TASK BRIEF
Reproduce every record below exactly as written, leaving out any pictures.
--------------------
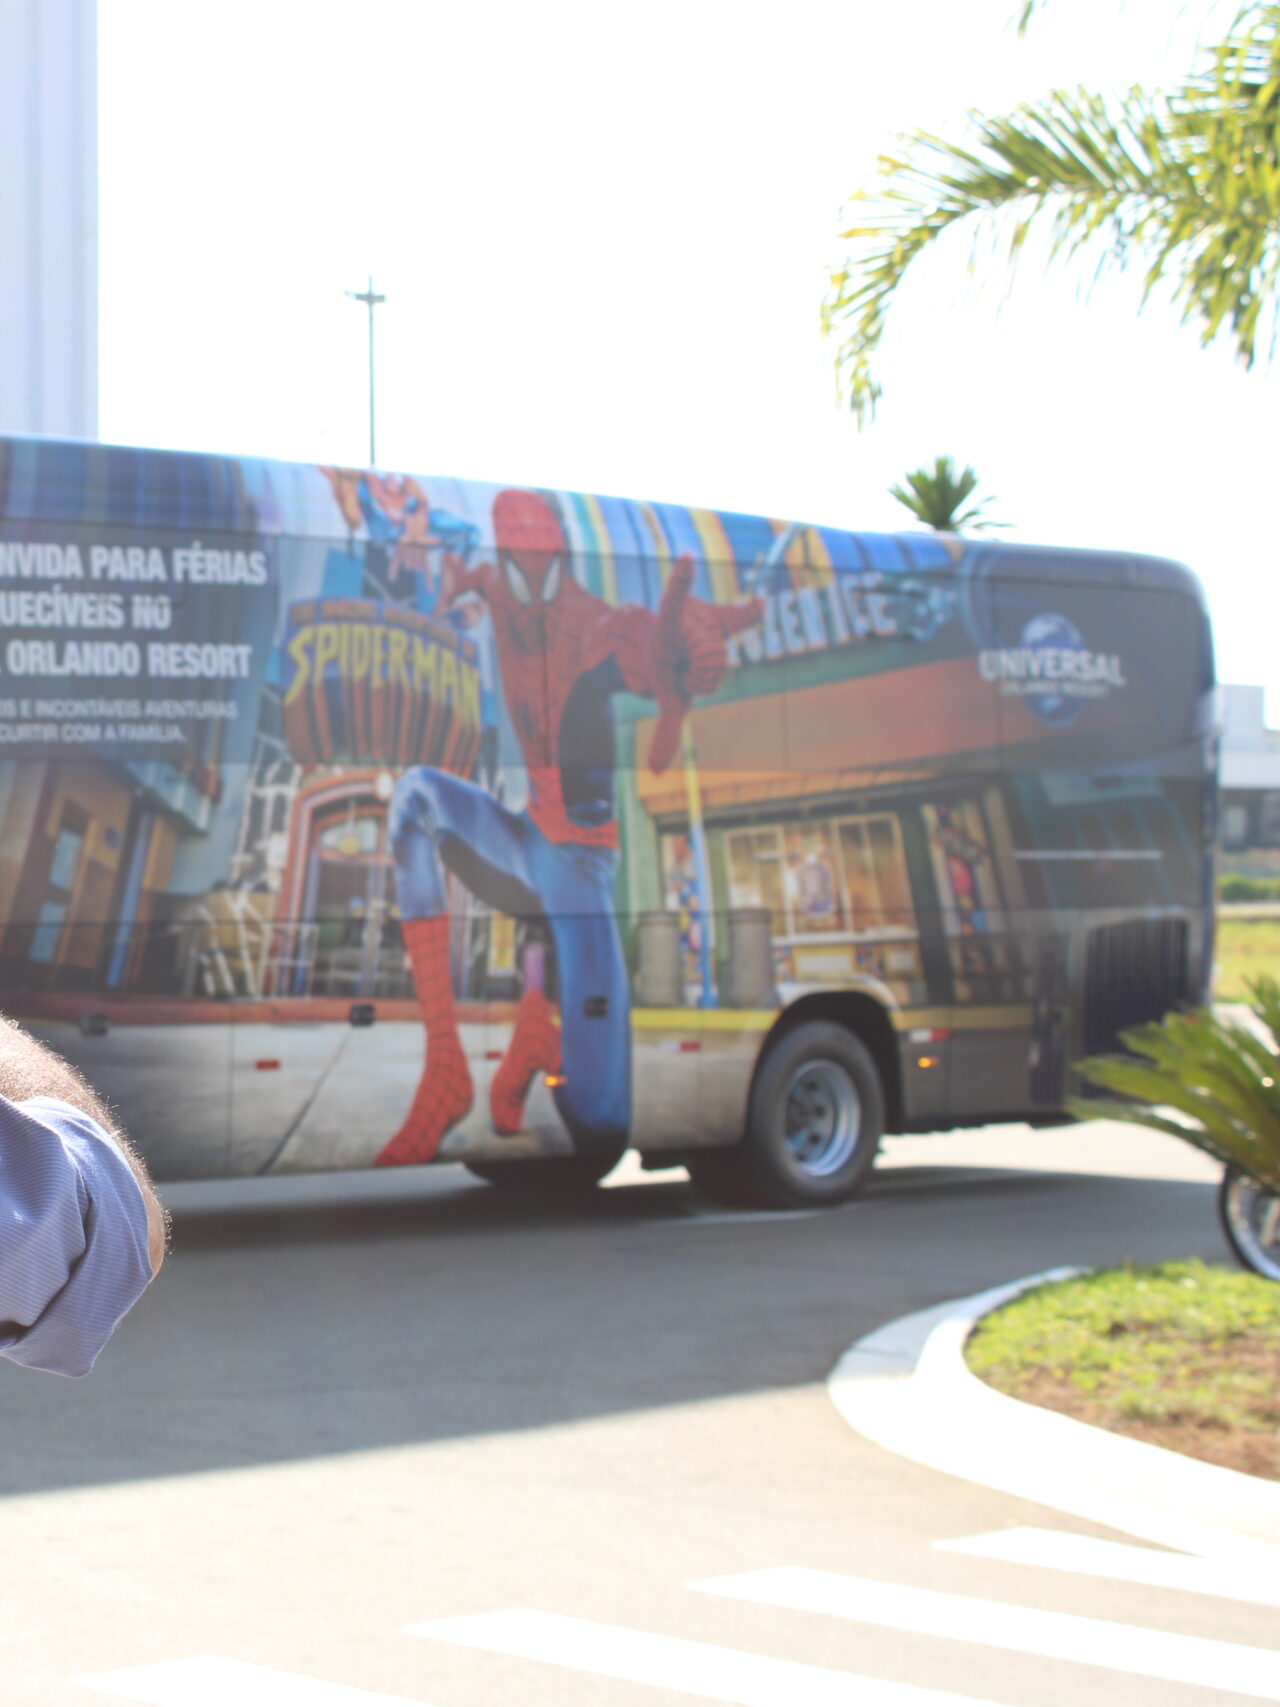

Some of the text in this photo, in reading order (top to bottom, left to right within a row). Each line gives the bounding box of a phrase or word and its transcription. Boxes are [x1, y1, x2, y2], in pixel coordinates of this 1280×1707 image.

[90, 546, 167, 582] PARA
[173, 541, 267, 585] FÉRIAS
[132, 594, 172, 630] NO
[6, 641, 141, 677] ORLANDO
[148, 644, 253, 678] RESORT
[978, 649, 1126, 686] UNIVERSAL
--------------------
YOUR RESPONSE
Some of the text in this photo, in reading order (top to bottom, left to right within a row). Each line gives the bounding box of a phrase or word and its transcription. Boxes are [x1, y1, x2, y2], in pixel coordinates of this 1280×1707 image.

[90, 546, 167, 582] PARA
[173, 541, 267, 585] FÉRIAS
[132, 594, 172, 630] NO
[6, 641, 141, 677] ORLANDO
[148, 644, 253, 678] RESORT
[978, 649, 1126, 686] UNIVERSAL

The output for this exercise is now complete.